* **WHAT YOU SHOULD DO**: Leaving out the images, reproduce every line of the data that follows exactly.

* **SUPPLIED MATERIAL**:
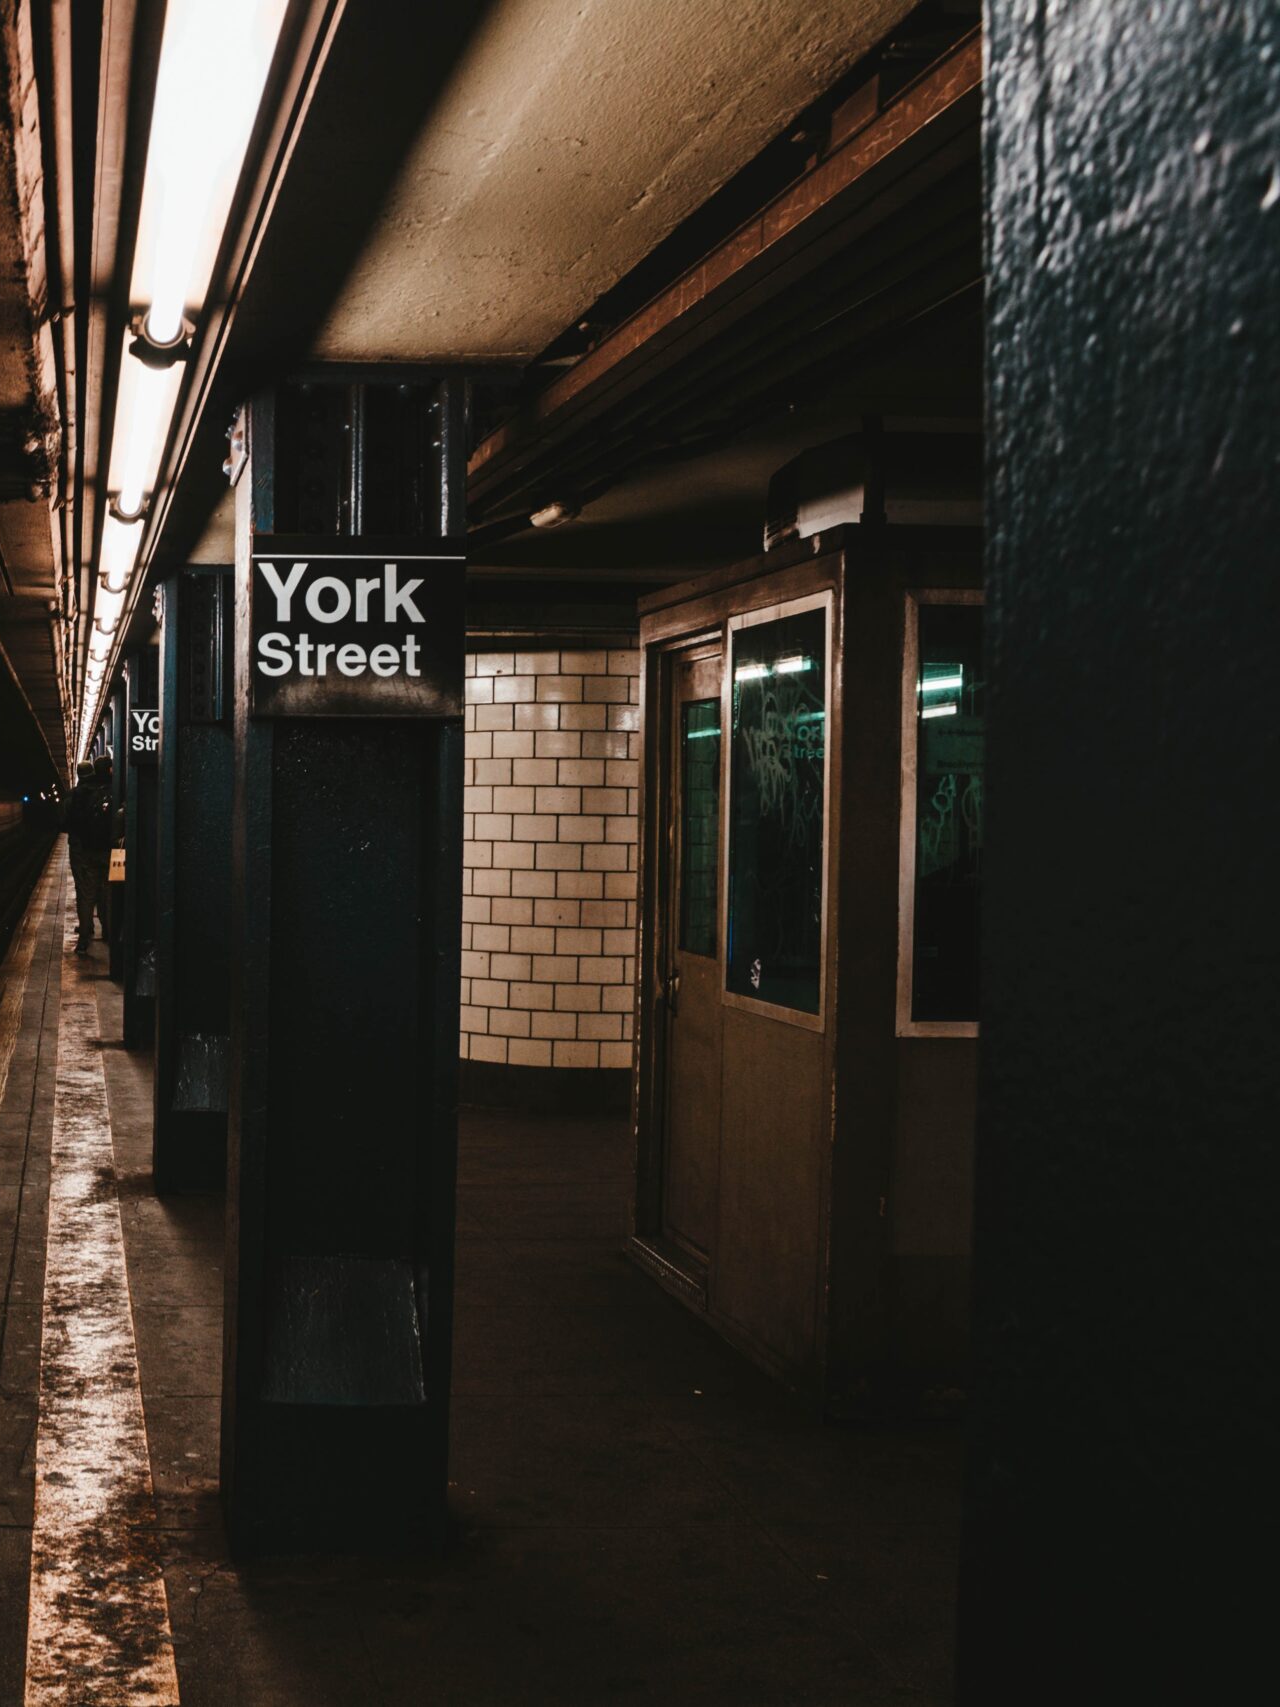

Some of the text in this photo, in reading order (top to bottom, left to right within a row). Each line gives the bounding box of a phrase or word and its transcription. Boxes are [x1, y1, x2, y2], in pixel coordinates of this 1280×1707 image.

[257, 562, 426, 624] York
[257, 632, 421, 678] Street
[132, 712, 160, 734] Yo
[132, 735, 160, 751] Str

* **SOLUTION**:
Some of the text in this photo, in reading order (top to bottom, left to right within a row). Each line gives the bounding box of a phrase or word and its transcription. Boxes are [x1, y1, x2, y2], in pixel coordinates of this 1280×1707 image.

[257, 562, 426, 624] York
[257, 632, 421, 678] Street
[132, 712, 160, 734] Yo
[132, 735, 160, 751] Str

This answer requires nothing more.